4 Details about the 2011 Census content, collection operations, confidentiality and privacy protection, processing and evaluation activities are contained in 2011 Census Nature and Content (cat. no. 2008.0).
5 The Australian Census counts people where they stayed on Census night. This means that the Census was conducted on an 'actual location' or 'place of enumeration' basis. There is, however, a need for data based on place of usual residence, and Census counts are available on this basis.
6 For usual residents of Australia, 'place of usual residence' for the 2011 Census is defined as the address at which a person has lived or intends to live for six months or more in 2011. While for most people their usual residence was the same as their actual location on Census night, some people spent Census night at a place other than where they usually lived. Thus, their 'place of enumeration' and their 'place of usual residence' were different.
7 People visiting Australia on Census night are included in the Census counts on a place of enumeration basis but not those on a place of usual residence basis.
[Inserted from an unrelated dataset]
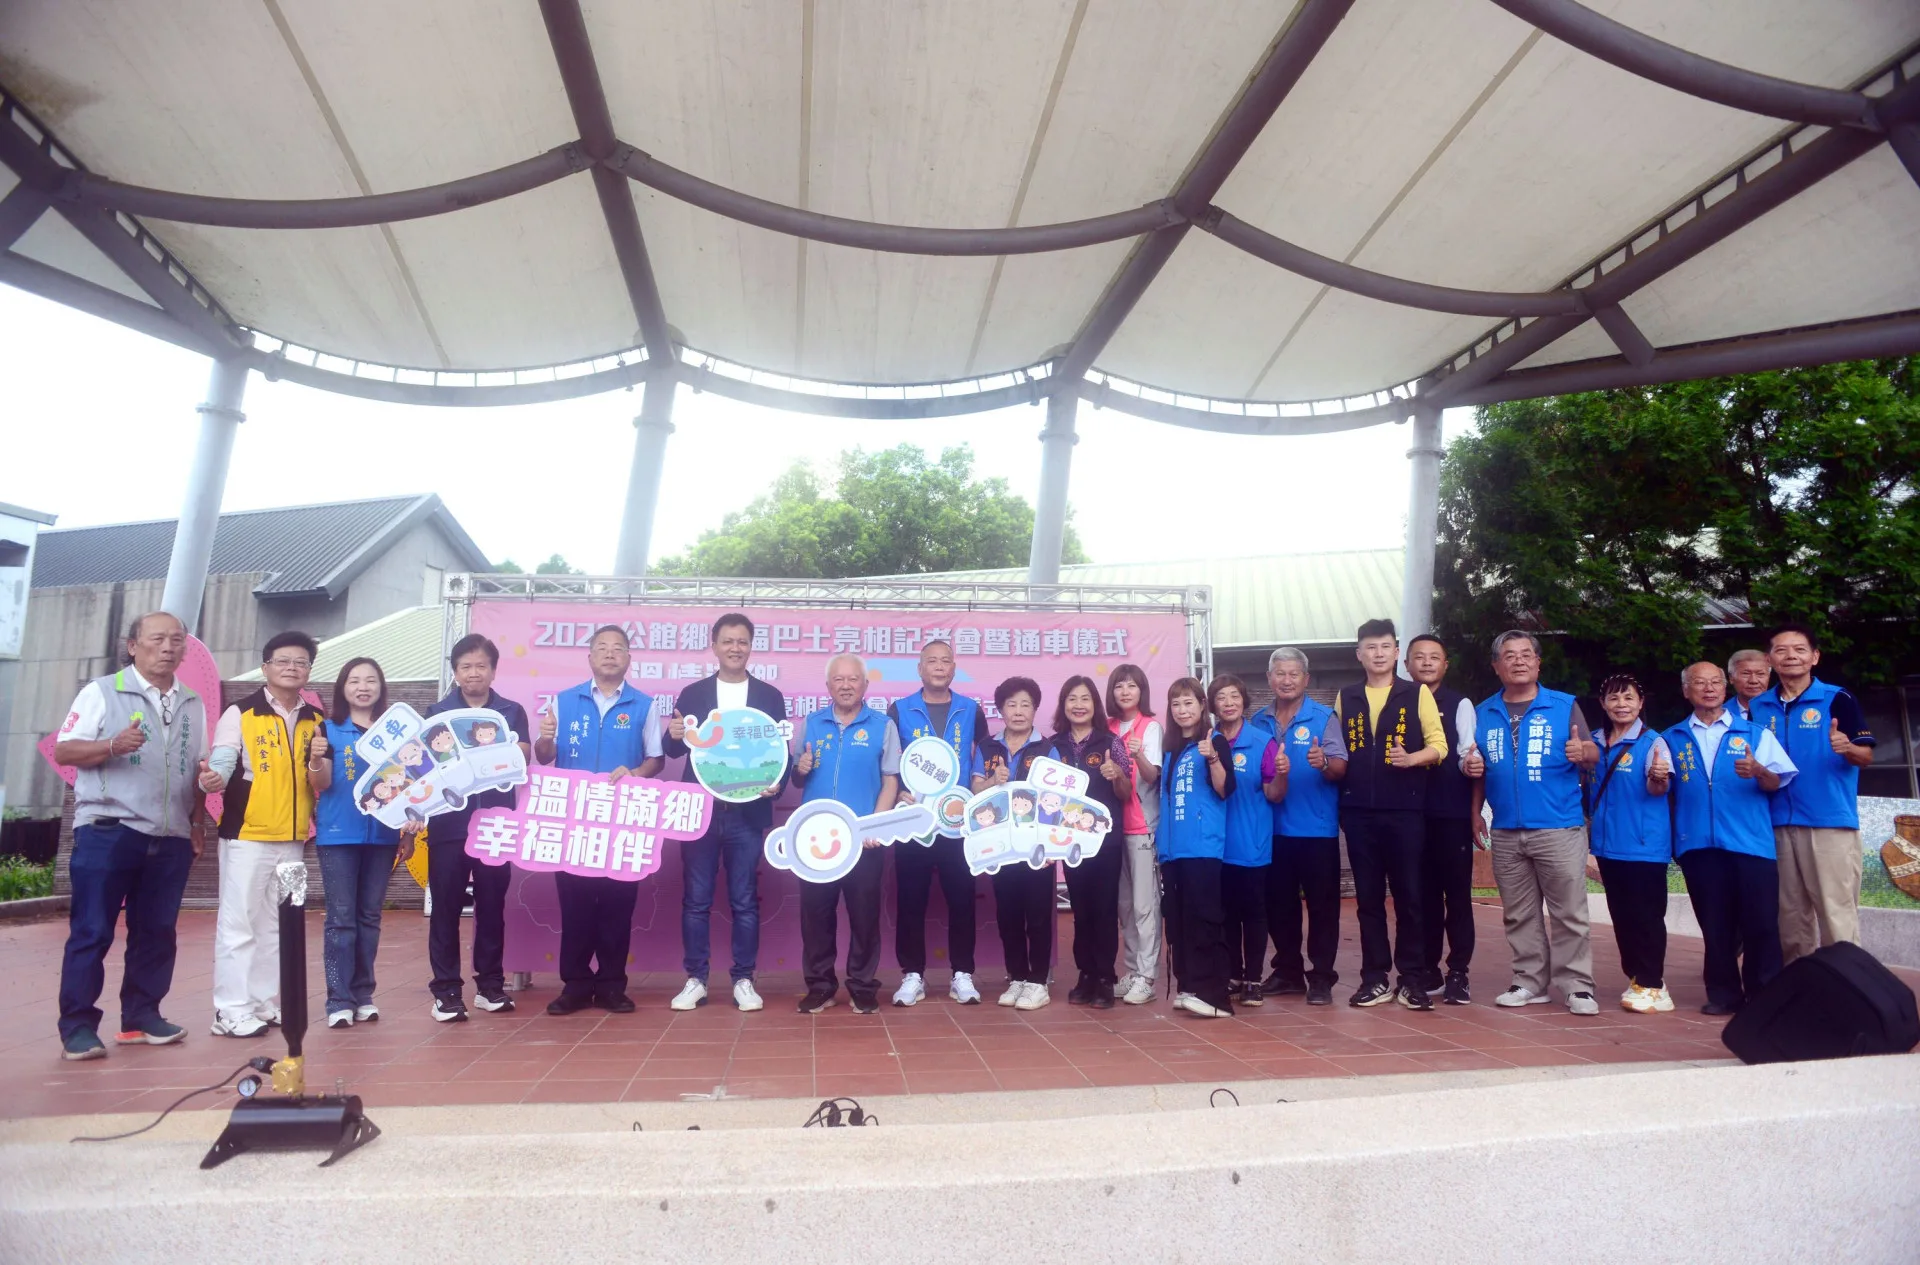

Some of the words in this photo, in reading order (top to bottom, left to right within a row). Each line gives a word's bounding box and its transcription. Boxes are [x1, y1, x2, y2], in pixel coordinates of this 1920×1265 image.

8 Usual residents of Australia who are temporarily overseas on Census night are not included in Census counts on either a place of usual residence or place of enumeration basis. However, counts of these people are accounted for in the estimated resident population of Australia (ERP). For information on the calculation of ERP, see the ABS publication Australian Demographic Statistics, December quarter 2011 (cat. no. 3101.0), released on 20 June 2012.
9 Estimates presented in this publication are on a place of usual residence basis (unless otherwise noted).
10 Census counts include persons whose Census form was partially completed. During Census processing, values for age, sex, marital status, and state/territory of usual residence are imputed if they were left blank on the Census form. Values for all other variables left blank (e.g. Indigenous status, country of birth) are set to not-stated or not applicable, depending on the (possibly imputed) age of the person.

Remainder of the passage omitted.